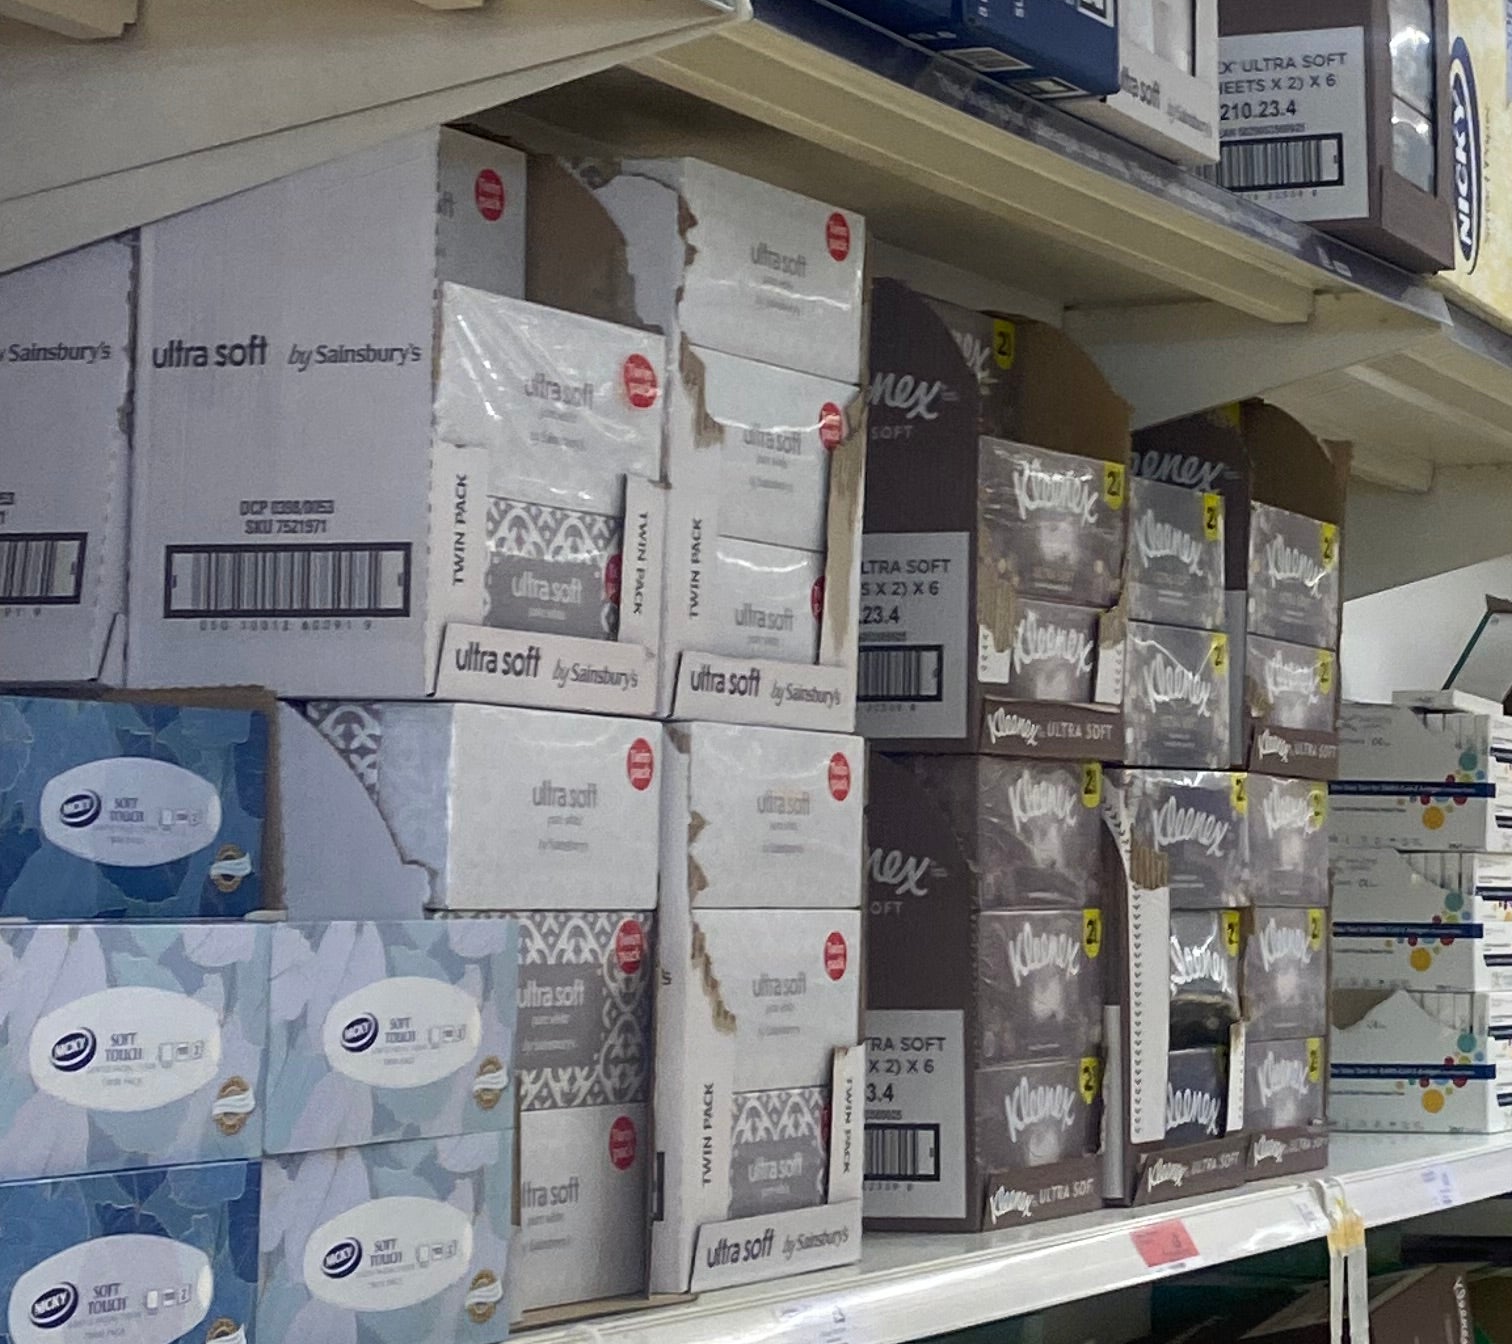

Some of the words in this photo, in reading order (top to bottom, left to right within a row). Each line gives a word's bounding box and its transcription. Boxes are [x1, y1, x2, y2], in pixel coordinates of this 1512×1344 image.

[1244, 57, 1297, 73] ULTRA
[1302, 52, 1347, 68] SOFT
[1327, 74, 1337, 87] 6
[1451, 74, 1474, 246] NICKY
[11, 340, 111, 363] Sainsbury's
[153, 338, 208, 369] ultra
[214, 335, 268, 366] soft
[288, 343, 312, 372] by
[315, 339, 421, 366] Sainsbury's
[872, 424, 912, 441] SOFT
[454, 472, 468, 524] PACK
[638, 511, 649, 564] TWIN
[690, 518, 703, 564] PACK
[1135, 509, 1203, 576] Kleenex
[453, 531, 465, 587] TWIN
[906, 558, 951, 574] SOFT
[511, 574, 548, 600] ultra
[550, 577, 582, 605] soft
[632, 567, 647, 616] PACK
[689, 568, 700, 618] TWIN
[929, 581, 940, 595] 6
[1014, 611, 1094, 675] Kleenex
[455, 641, 498, 674] ultra
[501, 644, 540, 678] soft
[552, 659, 570, 687] by
[571, 659, 638, 689] Sainsbury's
[690, 668, 725, 695] ultra
[728, 668, 761, 697] soft
[1144, 655, 1210, 717] Kleenex
[988, 709, 1038, 746] Kleenex
[1047, 721, 1083, 739] ULTRA
[532, 780, 566, 808] ultra
[567, 782, 598, 808] soft
[1154, 795, 1230, 855] Kleenex
[553, 980, 585, 1007] soft
[105, 1047, 144, 1063] TOUCH
[901, 1036, 946, 1053] SOFT
[923, 1059, 934, 1074] 6
[702, 1082, 715, 1132] PACK
[1005, 1077, 1076, 1142] Kleenex
[702, 1137, 713, 1186] TWIN
[550, 1176, 580, 1205] soft
[990, 1185, 1032, 1225] Kleenex
[706, 1235, 740, 1267] ultra
[742, 1227, 775, 1261] soft
[88, 1297, 127, 1315] TOUCH
[93, 1282, 122, 1299] SOFT
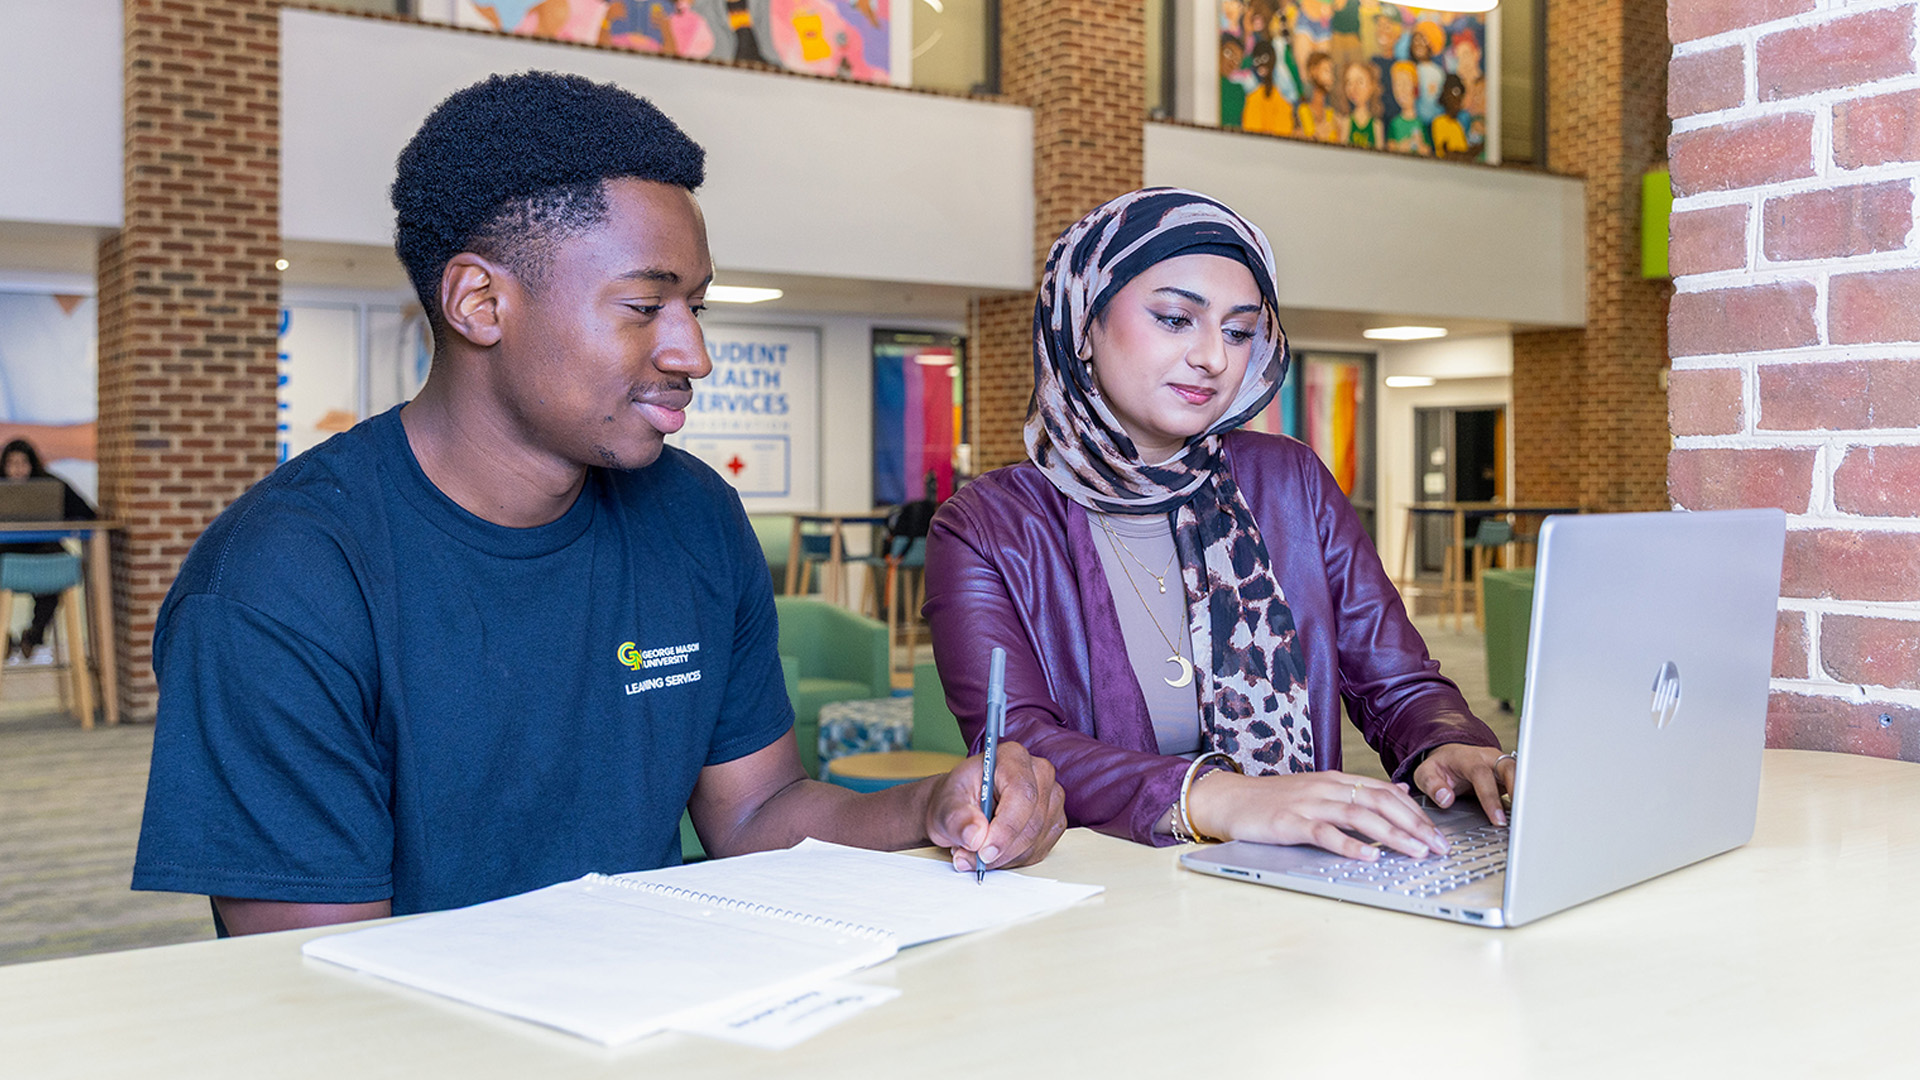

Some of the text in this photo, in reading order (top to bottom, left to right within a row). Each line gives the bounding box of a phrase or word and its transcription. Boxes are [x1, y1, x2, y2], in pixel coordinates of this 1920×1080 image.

-------

*Activity*. The records above must all be output exactly. Omit the images.

*Output of the task*.
Some of the words in this photo, in reading order (top to bottom, left to right within a row). Each line gives a word's bounding box and its transcription. Boxes are [x1, y1, x2, y2], in pixel coordinates of this 1512×1344 image.

[1244, 57, 1297, 73] ULTRA
[1302, 52, 1347, 68] SOFT
[1327, 74, 1337, 87] 6
[1451, 74, 1474, 246] NICKY
[11, 340, 111, 363] Sainsbury's
[153, 338, 208, 369] ultra
[214, 335, 268, 366] soft
[288, 343, 312, 372] by
[315, 339, 421, 366] Sainsbury's
[872, 424, 912, 441] SOFT
[454, 472, 468, 524] PACK
[638, 511, 649, 564] TWIN
[690, 518, 703, 564] PACK
[1135, 509, 1203, 576] Kleenex
[453, 531, 465, 587] TWIN
[906, 558, 951, 574] SOFT
[511, 574, 548, 600] ultra
[550, 577, 582, 605] soft
[632, 567, 647, 616] PACK
[689, 568, 700, 618] TWIN
[929, 581, 940, 595] 6
[1014, 611, 1094, 675] Kleenex
[455, 641, 498, 674] ultra
[501, 644, 540, 678] soft
[552, 659, 570, 687] by
[571, 659, 638, 689] Sainsbury's
[690, 668, 725, 695] ultra
[728, 668, 761, 697] soft
[1144, 655, 1210, 717] Kleenex
[988, 709, 1038, 746] Kleenex
[1047, 721, 1083, 739] ULTRA
[532, 780, 566, 808] ultra
[567, 782, 598, 808] soft
[1154, 795, 1230, 855] Kleenex
[553, 980, 585, 1007] soft
[105, 1047, 144, 1063] TOUCH
[901, 1036, 946, 1053] SOFT
[923, 1059, 934, 1074] 6
[702, 1082, 715, 1132] PACK
[1005, 1077, 1076, 1142] Kleenex
[702, 1137, 713, 1186] TWIN
[550, 1176, 580, 1205] soft
[990, 1185, 1032, 1225] Kleenex
[706, 1235, 740, 1267] ultra
[742, 1227, 775, 1261] soft
[88, 1297, 127, 1315] TOUCH
[93, 1282, 122, 1299] SOFT

Some of the text in this photo, in reading order (top to bottom, left to right within a row). Each line gives the bounding box of a phrase or word and its transcription. Boxes are [x1, y1, x2, y2], in pixel coordinates of this 1920×1080 image.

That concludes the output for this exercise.